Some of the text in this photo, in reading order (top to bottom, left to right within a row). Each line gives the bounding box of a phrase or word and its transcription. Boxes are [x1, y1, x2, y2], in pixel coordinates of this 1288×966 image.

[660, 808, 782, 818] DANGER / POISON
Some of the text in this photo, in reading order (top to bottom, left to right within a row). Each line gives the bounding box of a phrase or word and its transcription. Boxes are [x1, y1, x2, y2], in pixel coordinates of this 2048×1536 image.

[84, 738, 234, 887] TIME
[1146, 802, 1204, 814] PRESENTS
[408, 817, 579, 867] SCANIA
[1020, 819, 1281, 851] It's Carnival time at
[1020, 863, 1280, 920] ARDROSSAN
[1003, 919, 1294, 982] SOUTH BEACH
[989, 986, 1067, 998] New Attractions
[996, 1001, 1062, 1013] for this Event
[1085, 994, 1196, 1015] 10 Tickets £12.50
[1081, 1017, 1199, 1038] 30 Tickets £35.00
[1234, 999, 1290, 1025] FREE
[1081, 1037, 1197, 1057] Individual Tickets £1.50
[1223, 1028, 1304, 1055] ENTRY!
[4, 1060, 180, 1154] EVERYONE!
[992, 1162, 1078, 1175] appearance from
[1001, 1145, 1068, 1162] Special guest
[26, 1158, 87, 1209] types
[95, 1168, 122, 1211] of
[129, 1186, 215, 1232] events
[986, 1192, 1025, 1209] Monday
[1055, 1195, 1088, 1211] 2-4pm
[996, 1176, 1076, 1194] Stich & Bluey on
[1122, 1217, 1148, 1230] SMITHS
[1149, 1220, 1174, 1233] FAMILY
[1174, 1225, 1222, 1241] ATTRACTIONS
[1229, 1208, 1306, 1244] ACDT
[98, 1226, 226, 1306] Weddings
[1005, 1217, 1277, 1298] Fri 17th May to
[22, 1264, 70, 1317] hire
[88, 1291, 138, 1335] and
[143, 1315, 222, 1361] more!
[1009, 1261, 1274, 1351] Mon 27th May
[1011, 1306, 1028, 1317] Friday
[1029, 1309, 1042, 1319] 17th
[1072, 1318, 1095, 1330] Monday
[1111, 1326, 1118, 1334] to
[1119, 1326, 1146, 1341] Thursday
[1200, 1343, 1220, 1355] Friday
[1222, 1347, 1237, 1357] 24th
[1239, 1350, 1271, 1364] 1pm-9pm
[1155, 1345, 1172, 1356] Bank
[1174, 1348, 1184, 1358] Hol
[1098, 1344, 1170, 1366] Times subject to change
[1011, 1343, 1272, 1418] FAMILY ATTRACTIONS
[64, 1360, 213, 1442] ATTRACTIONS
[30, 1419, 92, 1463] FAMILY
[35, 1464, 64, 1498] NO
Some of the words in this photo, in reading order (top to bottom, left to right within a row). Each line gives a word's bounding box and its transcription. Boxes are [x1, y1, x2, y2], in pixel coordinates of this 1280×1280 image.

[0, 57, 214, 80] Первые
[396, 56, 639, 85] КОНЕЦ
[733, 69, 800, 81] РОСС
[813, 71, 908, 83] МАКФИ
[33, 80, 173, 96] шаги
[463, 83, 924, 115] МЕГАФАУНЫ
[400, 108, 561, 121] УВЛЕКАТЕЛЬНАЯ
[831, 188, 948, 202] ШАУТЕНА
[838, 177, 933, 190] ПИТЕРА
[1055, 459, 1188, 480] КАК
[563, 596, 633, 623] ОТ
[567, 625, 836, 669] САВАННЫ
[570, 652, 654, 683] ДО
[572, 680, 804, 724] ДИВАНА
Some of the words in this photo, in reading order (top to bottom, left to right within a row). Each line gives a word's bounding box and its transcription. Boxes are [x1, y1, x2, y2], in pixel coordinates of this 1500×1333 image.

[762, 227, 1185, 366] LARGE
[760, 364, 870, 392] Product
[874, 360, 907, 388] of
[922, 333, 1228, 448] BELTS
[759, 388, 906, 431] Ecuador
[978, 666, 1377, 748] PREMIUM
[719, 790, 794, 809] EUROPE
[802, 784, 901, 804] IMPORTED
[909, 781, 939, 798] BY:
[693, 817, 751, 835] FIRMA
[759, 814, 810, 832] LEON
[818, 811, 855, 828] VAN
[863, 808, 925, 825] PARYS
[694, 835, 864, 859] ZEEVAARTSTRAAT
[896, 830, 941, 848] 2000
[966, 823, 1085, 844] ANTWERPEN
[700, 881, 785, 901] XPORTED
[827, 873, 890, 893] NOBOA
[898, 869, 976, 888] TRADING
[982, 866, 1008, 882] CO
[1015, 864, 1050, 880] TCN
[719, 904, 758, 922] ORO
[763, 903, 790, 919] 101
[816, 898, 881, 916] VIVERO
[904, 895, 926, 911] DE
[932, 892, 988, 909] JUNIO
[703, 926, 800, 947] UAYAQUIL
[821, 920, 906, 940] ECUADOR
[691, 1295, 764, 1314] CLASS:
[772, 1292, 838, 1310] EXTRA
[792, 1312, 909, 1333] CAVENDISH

======

All the entries above should come back exactly as they are written.

Response to the task »
Some of the text in this photo, in reading order (top to bottom, left to right within a row). Each line gives the bounding box of a phrase or word and its transcription. Boxes are [x1, y1, x2, y2], in pixel coordinates of this 1288×966 image.

[660, 808, 782, 818] DANGER / POISON
Some of the text in this photo, in reading order (top to bottom, left to right within a row). Each line gives the bounding box of a phrase or word and its transcription. Boxes are [x1, y1, x2, y2], in pixel coordinates of this 2048×1536 image.

[84, 738, 234, 887] TIME
[1146, 802, 1204, 814] PRESENTS
[408, 817, 579, 867] SCANIA
[1020, 819, 1281, 851] It's Carnival time at
[1020, 863, 1280, 920] ARDROSSAN
[1003, 919, 1294, 982] SOUTH BEACH
[989, 986, 1067, 998] New Attractions
[996, 1001, 1062, 1013] for this Event
[1085, 994, 1196, 1015] 10 Tickets £12.50
[1081, 1017, 1199, 1038] 30 Tickets £35.00
[1234, 999, 1290, 1025] FREE
[1081, 1037, 1197, 1057] Individual Tickets £1.50
[1223, 1028, 1304, 1055] ENTRY!
[4, 1060, 180, 1154] EVERYONE!
[992, 1162, 1078, 1175] appearance from
[1001, 1145, 1068, 1162] Special guest
[26, 1158, 87, 1209] types
[95, 1168, 122, 1211] of
[129, 1186, 215, 1232] events
[986, 1192, 1025, 1209] Monday
[1055, 1195, 1088, 1211] 2-4pm
[996, 1176, 1076, 1194] Stich & Bluey on
[1122, 1217, 1148, 1230] SMITHS
[1149, 1220, 1174, 1233] FAMILY
[1174, 1225, 1222, 1241] ATTRACTIONS
[1229, 1208, 1306, 1244] ACDT
[98, 1226, 226, 1306] Weddings
[1005, 1217, 1277, 1298] Fri 17th May to
[22, 1264, 70, 1317] hire
[88, 1291, 138, 1335] and
[143, 1315, 222, 1361] more!
[1009, 1261, 1274, 1351] Mon 27th May
[1011, 1306, 1028, 1317] Friday
[1029, 1309, 1042, 1319] 17th
[1072, 1318, 1095, 1330] Monday
[1111, 1326, 1118, 1334] to
[1119, 1326, 1146, 1341] Thursday
[1200, 1343, 1220, 1355] Friday
[1222, 1347, 1237, 1357] 24th
[1239, 1350, 1271, 1364] 1pm-9pm
[1155, 1345, 1172, 1356] Bank
[1174, 1348, 1184, 1358] Hol
[1098, 1344, 1170, 1366] Times subject to change
[1011, 1343, 1272, 1418] FAMILY ATTRACTIONS
[64, 1360, 213, 1442] ATTRACTIONS
[30, 1419, 92, 1463] FAMILY
[35, 1464, 64, 1498] NO
Some of the words in this photo, in reading order (top to bottom, left to right within a row). Each line gives a word's bounding box and its transcription. Boxes are [x1, y1, x2, y2], in pixel coordinates of this 1280×1280 image.

[0, 57, 214, 80] Первые
[396, 56, 639, 85] КОНЕЦ
[733, 69, 800, 81] РОСС
[813, 71, 908, 83] МАКФИ
[33, 80, 173, 96] шаги
[463, 83, 924, 115] МЕГАФАУНЫ
[400, 108, 561, 121] УВЛЕКАТЕЛЬНАЯ
[831, 188, 948, 202] ШАУТЕНА
[838, 177, 933, 190] ПИТЕРА
[1055, 459, 1188, 480] КАК
[563, 596, 633, 623] ОТ
[567, 625, 836, 669] САВАННЫ
[570, 652, 654, 683] ДО
[572, 680, 804, 724] ДИВАНА
Some of the words in this photo, in reading order (top to bottom, left to right within a row). Each line gives a word's bounding box and its transcription. Boxes are [x1, y1, x2, y2], in pixel coordinates of this 1500×1333 image.

[762, 227, 1185, 366] LARGE
[760, 364, 870, 392] Product
[874, 360, 907, 388] of
[922, 333, 1228, 448] BELTS
[759, 388, 906, 431] Ecuador
[978, 666, 1377, 748] PREMIUM
[719, 790, 794, 809] EUROPE
[802, 784, 901, 804] IMPORTED
[909, 781, 939, 798] BY:
[693, 817, 751, 835] FIRMA
[759, 814, 810, 832] LEON
[818, 811, 855, 828] VAN
[863, 808, 925, 825] PARYS
[694, 835, 864, 859] ZEEVAARTSTRAAT
[896, 830, 941, 848] 2000
[966, 823, 1085, 844] ANTWERPEN
[700, 881, 785, 901] XPORTED
[827, 873, 890, 893] NOBOA
[898, 869, 976, 888] TRADING
[982, 866, 1008, 882] CO
[1015, 864, 1050, 880] TCN
[719, 904, 758, 922] ORO
[763, 903, 790, 919] 101
[816, 898, 881, 916] VIVERO
[904, 895, 926, 911] DE
[932, 892, 988, 909] JUNIO
[703, 926, 800, 947] UAYAQUIL
[821, 920, 906, 940] ECUADOR
[691, 1295, 764, 1314] CLASS:
[772, 1292, 838, 1310] EXTRA
[792, 1312, 909, 1333] CAVENDISH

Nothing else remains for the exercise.